• TASK OBJECTIVE: Give every line of the listing back, exactly as written.

• RECORDS FOR THIS TASK:
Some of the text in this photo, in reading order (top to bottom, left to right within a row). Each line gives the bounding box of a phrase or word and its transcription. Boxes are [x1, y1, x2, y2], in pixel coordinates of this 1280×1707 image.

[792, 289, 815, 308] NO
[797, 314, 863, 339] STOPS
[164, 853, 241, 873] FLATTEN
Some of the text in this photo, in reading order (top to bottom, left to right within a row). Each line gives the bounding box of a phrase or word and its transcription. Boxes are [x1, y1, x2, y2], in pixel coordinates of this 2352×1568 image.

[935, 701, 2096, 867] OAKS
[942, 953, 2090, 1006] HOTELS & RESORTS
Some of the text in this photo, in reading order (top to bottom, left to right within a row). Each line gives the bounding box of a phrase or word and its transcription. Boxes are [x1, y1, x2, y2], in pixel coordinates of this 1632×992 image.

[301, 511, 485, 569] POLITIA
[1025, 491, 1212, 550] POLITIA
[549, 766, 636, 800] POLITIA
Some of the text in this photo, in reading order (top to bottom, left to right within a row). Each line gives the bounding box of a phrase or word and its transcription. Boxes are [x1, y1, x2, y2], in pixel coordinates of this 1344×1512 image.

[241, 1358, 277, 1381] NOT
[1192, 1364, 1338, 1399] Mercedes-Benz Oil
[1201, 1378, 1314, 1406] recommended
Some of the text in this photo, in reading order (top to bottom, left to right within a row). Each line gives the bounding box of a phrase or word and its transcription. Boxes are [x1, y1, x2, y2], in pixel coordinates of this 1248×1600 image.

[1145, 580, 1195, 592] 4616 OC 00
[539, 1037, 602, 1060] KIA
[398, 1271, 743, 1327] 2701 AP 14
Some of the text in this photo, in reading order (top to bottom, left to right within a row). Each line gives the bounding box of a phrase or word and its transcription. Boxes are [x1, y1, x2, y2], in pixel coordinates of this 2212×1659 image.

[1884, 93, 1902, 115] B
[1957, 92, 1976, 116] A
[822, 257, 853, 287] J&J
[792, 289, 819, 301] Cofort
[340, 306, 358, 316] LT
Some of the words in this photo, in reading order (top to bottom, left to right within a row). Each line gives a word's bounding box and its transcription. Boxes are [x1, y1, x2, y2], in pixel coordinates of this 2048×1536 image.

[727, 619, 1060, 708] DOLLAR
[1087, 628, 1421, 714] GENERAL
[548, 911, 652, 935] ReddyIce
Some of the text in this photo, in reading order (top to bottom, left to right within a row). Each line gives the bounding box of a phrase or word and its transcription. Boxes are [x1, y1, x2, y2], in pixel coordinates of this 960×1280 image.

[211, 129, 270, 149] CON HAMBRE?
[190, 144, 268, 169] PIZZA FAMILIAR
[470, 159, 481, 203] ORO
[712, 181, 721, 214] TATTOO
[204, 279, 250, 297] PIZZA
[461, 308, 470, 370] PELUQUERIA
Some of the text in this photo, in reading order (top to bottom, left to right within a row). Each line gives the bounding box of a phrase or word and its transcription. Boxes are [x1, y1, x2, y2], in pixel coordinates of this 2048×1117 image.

• ANSWER SPACE:
Some of the text in this photo, in reading order (top to bottom, left to right within a row). Each line gives the bounding box of a phrase or word and its transcription. Boxes are [x1, y1, x2, y2], in pixel coordinates of this 1280×1707 image.

[792, 289, 815, 308] NO
[797, 314, 863, 339] STOPS
[164, 853, 241, 873] FLATTEN
Some of the text in this photo, in reading order (top to bottom, left to right within a row). Each line gives the bounding box of a phrase or word and its transcription. Boxes are [x1, y1, x2, y2], in pixel coordinates of this 2352×1568 image.

[935, 701, 2096, 867] OAKS
[942, 953, 2090, 1006] HOTELS & RESORTS
Some of the text in this photo, in reading order (top to bottom, left to right within a row). Each line gives the bounding box of a phrase or word and its transcription. Boxes are [x1, y1, x2, y2], in pixel coordinates of this 1632×992 image.

[301, 511, 485, 569] POLITIA
[1025, 491, 1212, 550] POLITIA
[549, 766, 636, 800] POLITIA
Some of the text in this photo, in reading order (top to bottom, left to right within a row). Each line gives the bounding box of a phrase or word and its transcription. Boxes are [x1, y1, x2, y2], in pixel coordinates of this 1344×1512 image.

[241, 1358, 277, 1381] NOT
[1192, 1364, 1338, 1399] Mercedes-Benz Oil
[1201, 1378, 1314, 1406] recommended
Some of the text in this photo, in reading order (top to bottom, left to right within a row). Each line gives the bounding box of a phrase or word and its transcription. Boxes are [x1, y1, x2, y2], in pixel coordinates of this 1248×1600 image.

[1145, 580, 1195, 592] 4616 OC 00
[539, 1037, 602, 1060] KIA
[398, 1271, 743, 1327] 2701 AP 14
Some of the text in this photo, in reading order (top to bottom, left to right within a row). Each line gives the bounding box of a phrase or word and its transcription. Boxes are [x1, y1, x2, y2], in pixel coordinates of this 2212×1659 image.

[1884, 93, 1902, 115] B
[1957, 92, 1976, 116] A
[822, 257, 853, 287] J&J
[792, 289, 819, 301] Cofort
[340, 306, 358, 316] LT
Some of the words in this photo, in reading order (top to bottom, left to right within a row). Each line gives a word's bounding box and its transcription. Boxes are [x1, y1, x2, y2], in pixel coordinates of this 2048×1536 image.

[727, 619, 1060, 708] DOLLAR
[1087, 628, 1421, 714] GENERAL
[548, 911, 652, 935] ReddyIce
Some of the text in this photo, in reading order (top to bottom, left to right within a row). Each line gives the bounding box of a phrase or word and its transcription. Boxes are [x1, y1, x2, y2], in pixel coordinates of this 960×1280 image.

[211, 129, 270, 149] CON HAMBRE?
[190, 144, 268, 169] PIZZA FAMILIAR
[470, 159, 481, 203] ORO
[712, 181, 721, 214] TATTOO
[204, 279, 250, 297] PIZZA
[461, 308, 470, 370] PELUQUERIA
Some of the text in this photo, in reading order (top to bottom, left to right within a row). Each line gives the bounding box of a phrase or word and its transcription. Boxes are [x1, y1, x2, y2], in pixel coordinates of this 2048×1117 image.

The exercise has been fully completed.